Puxou até que com cuidado a irmã pelo vestido para o meio das pernas e encostou a cabeça nos peitos dela, as mãos por baixo da saia, acariciava a parte de trás das suas pernas. Na realidade queria alguma coisa, mas não sabia como conseguir.
Catherina deixou-se puxar e, envolvida daquele jeito, quase sentiu pena do irmão. Suspirou cansada e levou as duas mãos para as costas dele, subindo para nuca em um leve abraço.
- Eu já te amei, sabia? Quando eu soube que tinha um irmão mais velho, eu te amei, e não importava o quão mal você me tratasse, eu nunca te machucaria. E estamos aqui hoje - queria deixar claro que as circunstâncias haviam mudado por obra dele. - Você sabe que eu não participei do assassinato de Alessandro. Você é o único que pode me tirar daqui.
O corpo estremeceu com o toque, dessa vez era Francesco mesmo e ela estava o abraçando. Ouviu tudo e congelou no "eu já te amei", não esperava ouvir aquilo e mesmo sabendo que foi em um passado, já era válido para ele. Esfregou o rosto ali e foi subindo as mãos por baixo do vestido, passou por suas pernas até as costas, segurando-a firme.
- Eu sei que não participou.
Ela detestava aquele toque, mas aprendera a não reagir, então só deixou enquanto ele subia com as mãos por sua pele. Não ficava nem um pouco surpresa com a revelação, estava até já esperando por isso. No entanto, havia uma questão central ali.

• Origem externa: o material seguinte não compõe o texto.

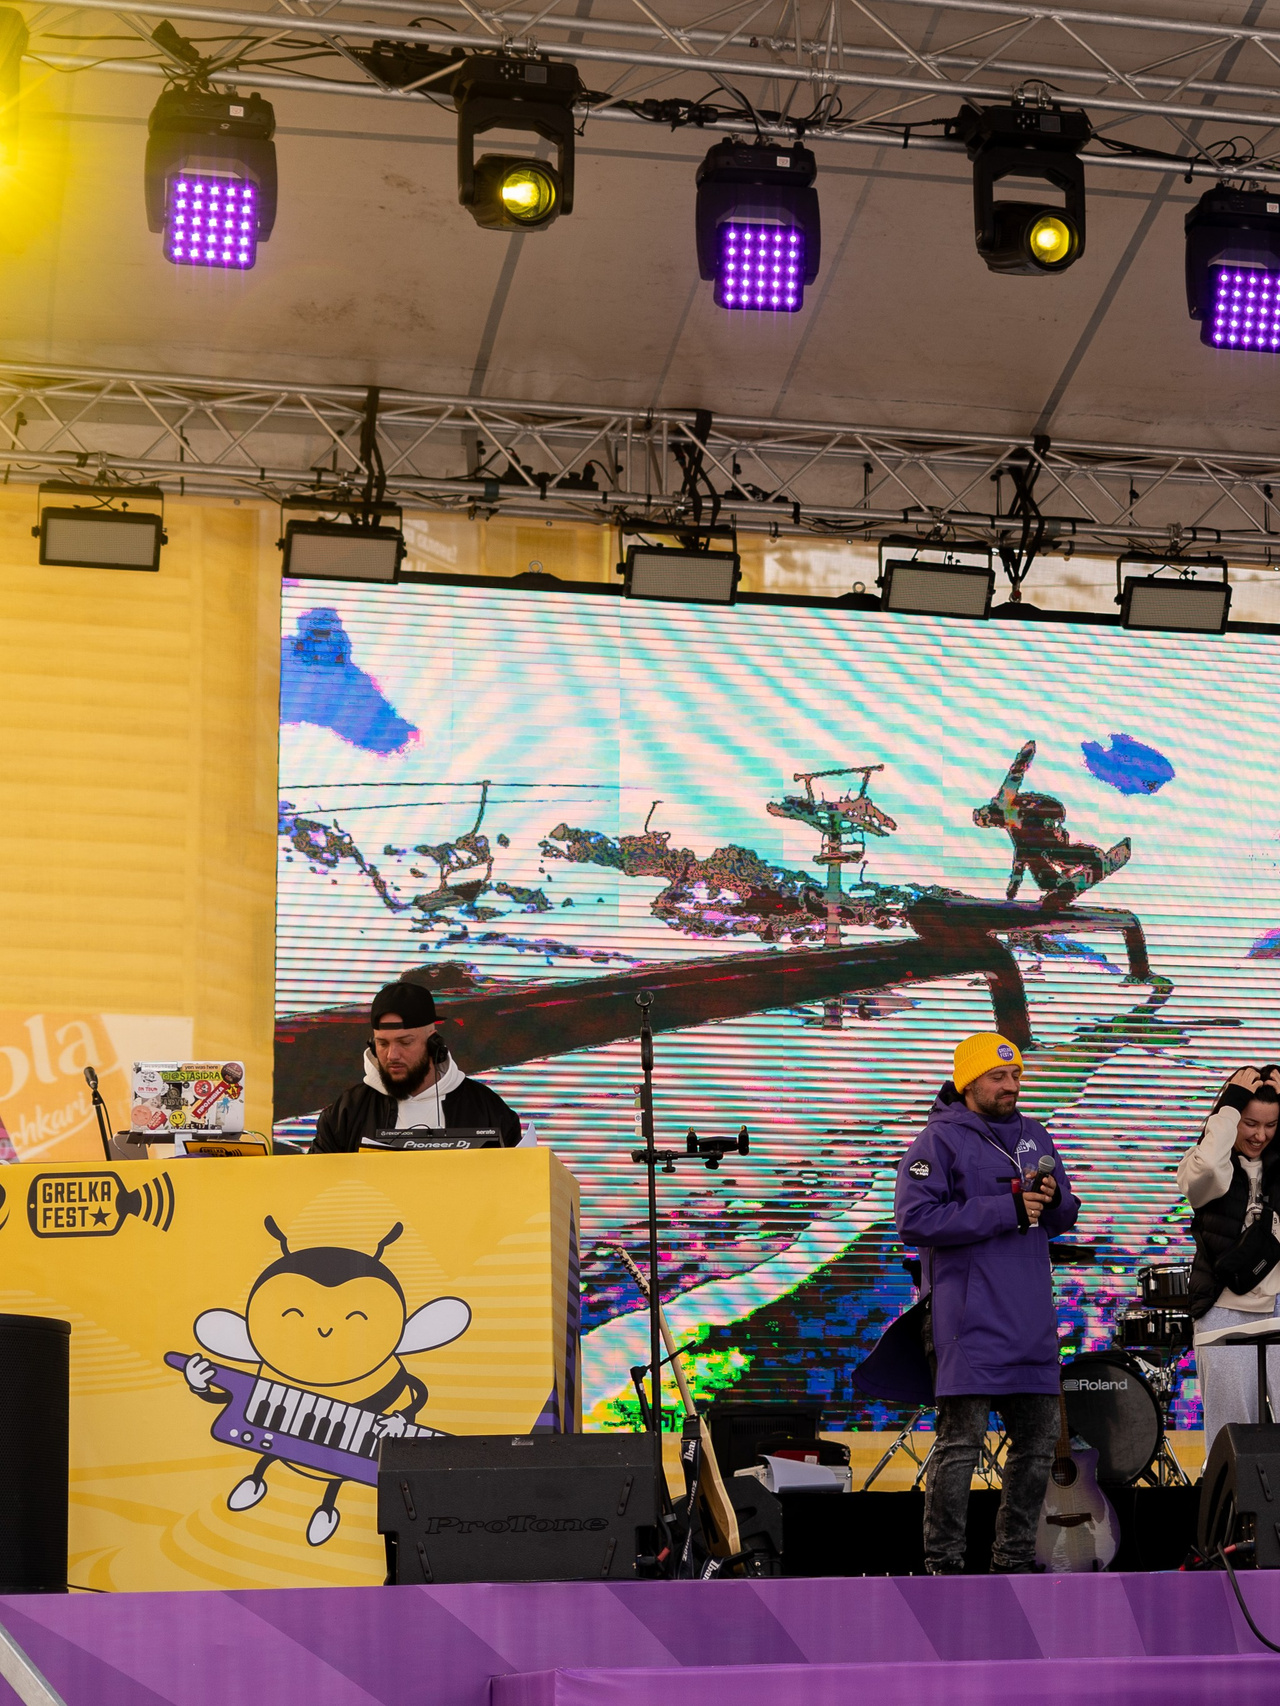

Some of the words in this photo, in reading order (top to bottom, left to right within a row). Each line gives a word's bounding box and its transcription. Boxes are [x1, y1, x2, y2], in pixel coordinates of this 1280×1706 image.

[403, 1140, 454, 1149] Pioneer
[42, 1181, 112, 1204] GRELKA
[42, 1206, 89, 1228] FEST
[1079, 1379, 1128, 1391] Roland
[425, 1515, 608, 1535] ProTone
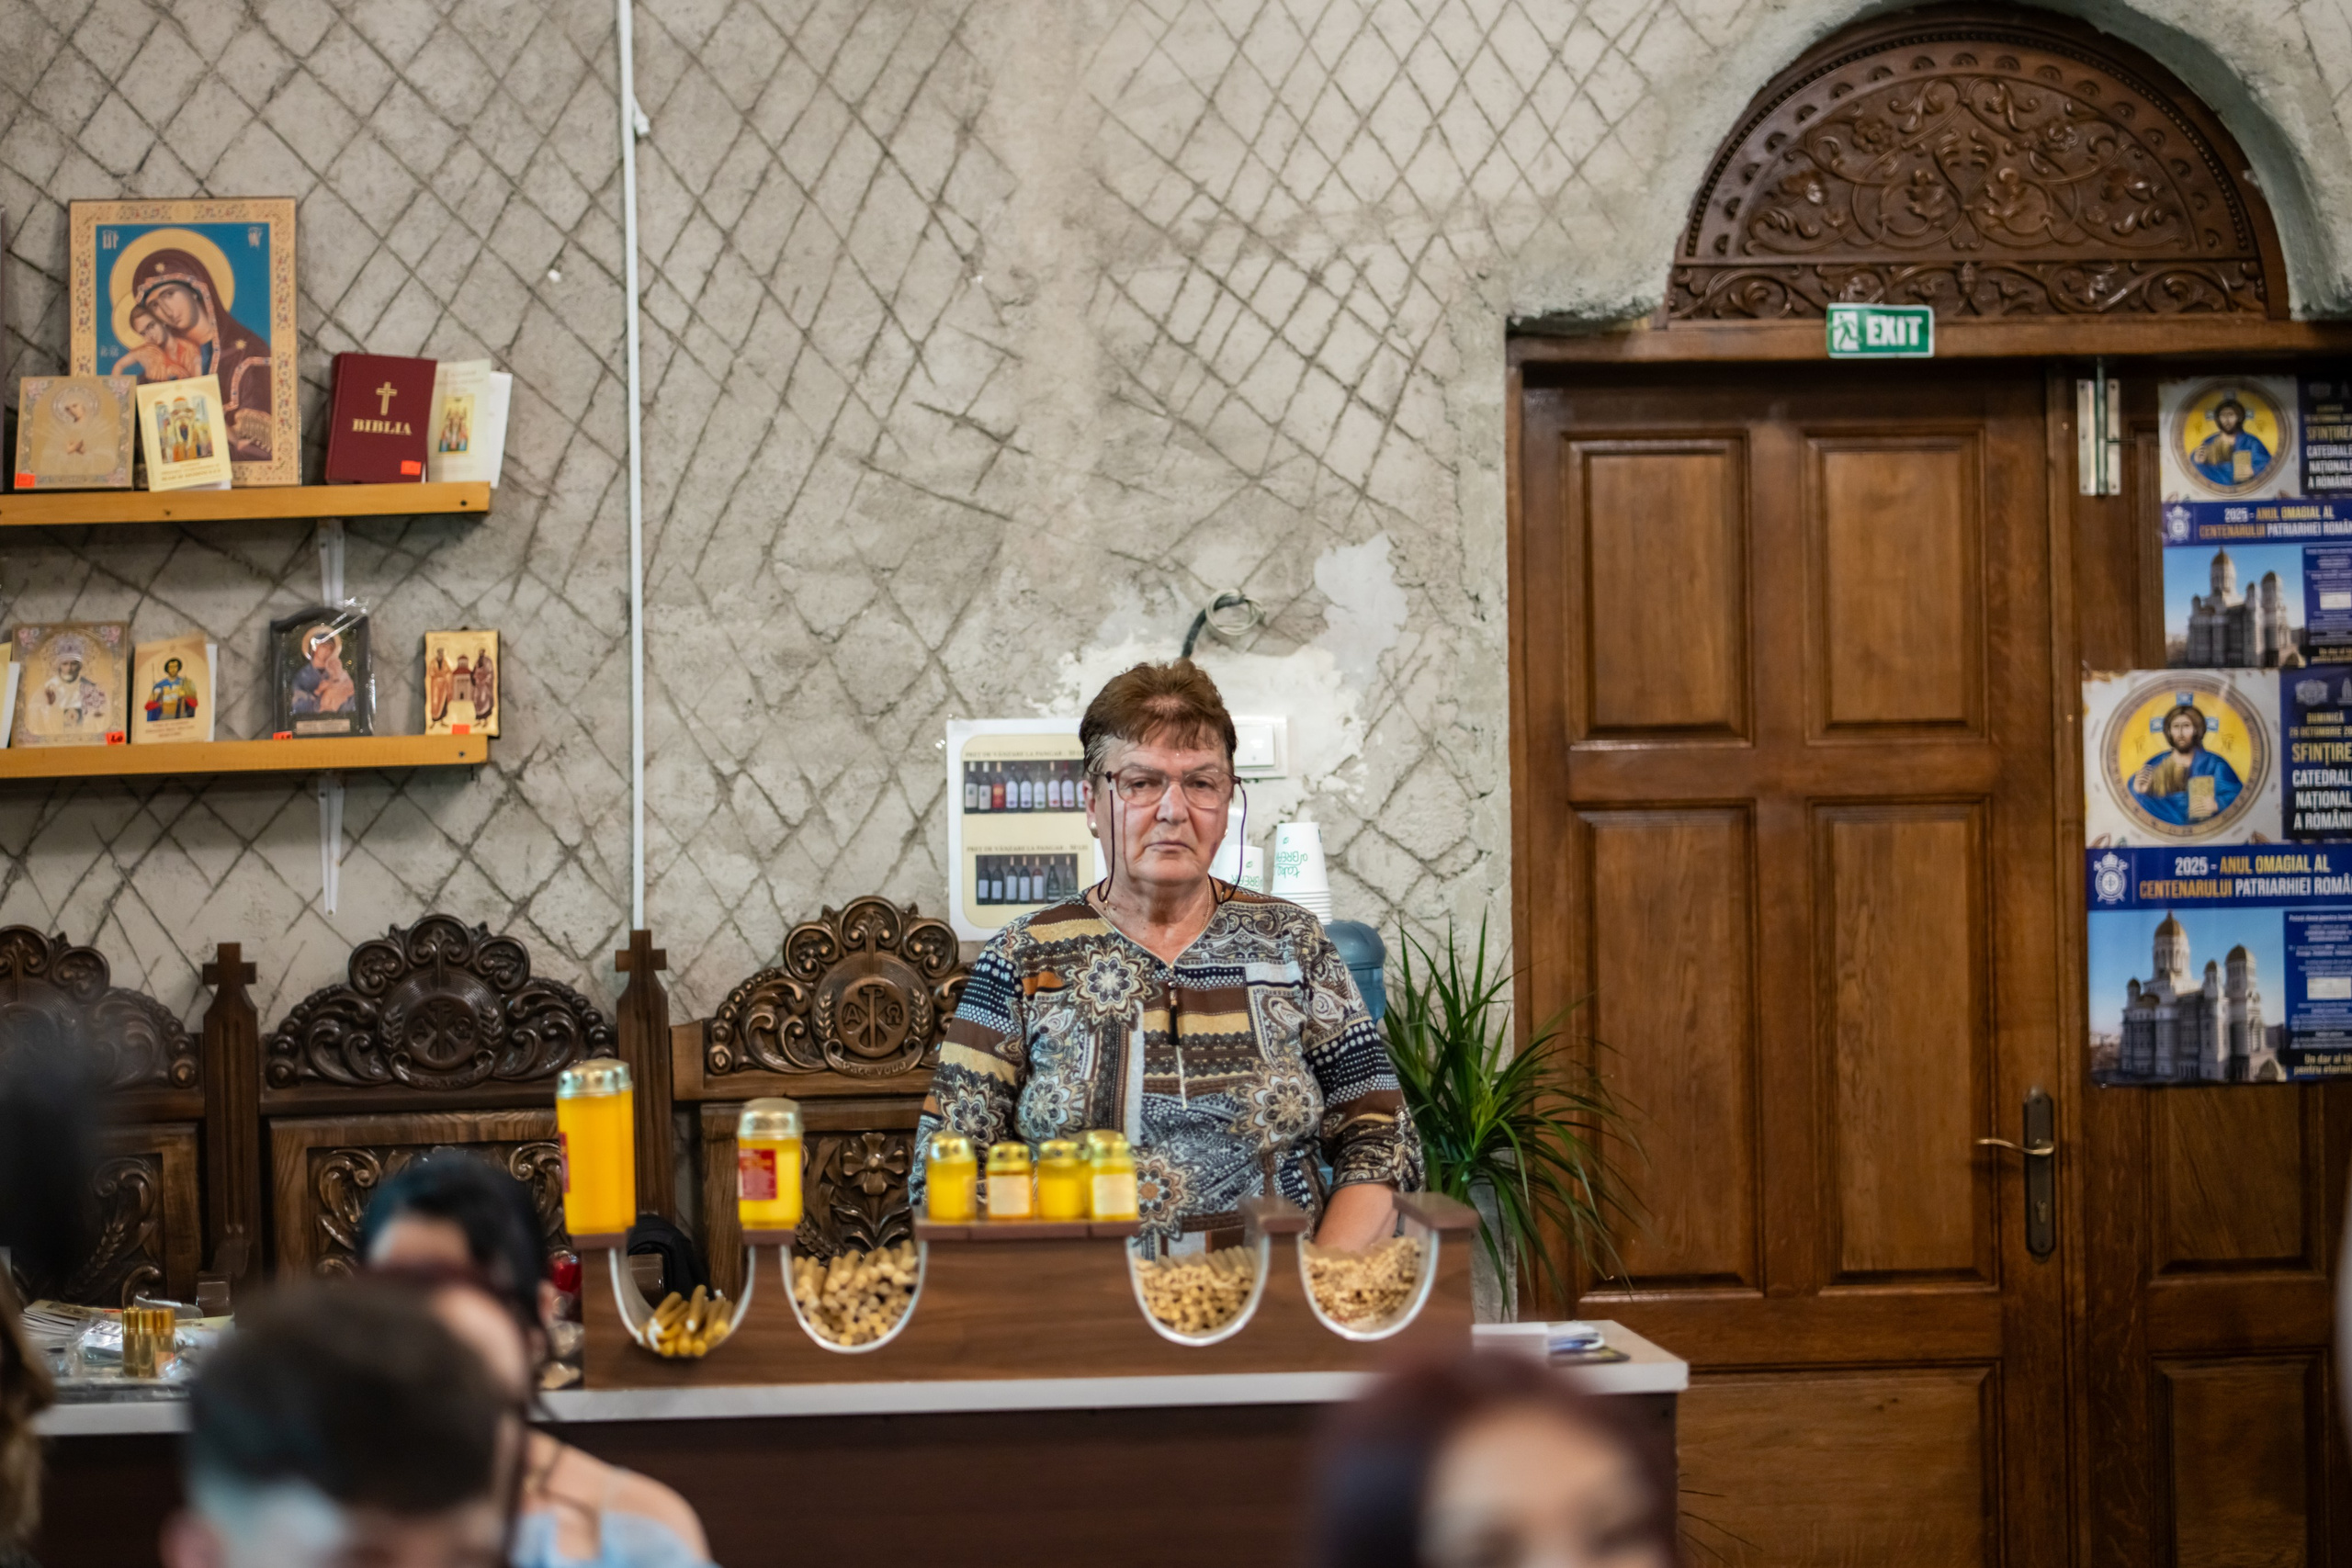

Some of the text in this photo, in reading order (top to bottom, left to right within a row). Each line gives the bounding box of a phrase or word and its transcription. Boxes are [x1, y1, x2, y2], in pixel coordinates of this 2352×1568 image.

- Então por que me prendeu?
Em momento algum o soltava. Se isto o fazia falar, quando ela o acalentava como a uma criança, continuaria a utilizar em seu favor.
- Porque eu quis.
Não respondia nada completo e aproveitava os toques da irmã até com os olhos fechados, abraçando-a pela cintura, trazendo mais para perto.
Aquilo não era uma resposta, então ela tentaria mais uma vez, agora com outra abordagem.
- Por que não me deixa ir?
- Porque quero você assim.
Acabava falando demais mas, não se importava tanto. Era a verdade e se queria conquistar ou confundir a irmã, seria necessário falar mais do que Nemo.
- Por que?
Ela tinha que controlar os impulsos de bater nele, pois realmente era uma vontade que crescia com aquela conversa. Além disso, "quero você assim" precisava se especificações do que era "assim": presa? sem os títulos? fora do Vaticano? ou sem roupas? Estava tudo muito ambíguo.
- Porque isso é bom.
Ele respondeu deixando claro que falava do momento e da forma como era abraçado. Sabia que ela só estava com as mãos encostadas nele, sabia bem o que era um abraço dela mas, pra ele estava bom por enquanto.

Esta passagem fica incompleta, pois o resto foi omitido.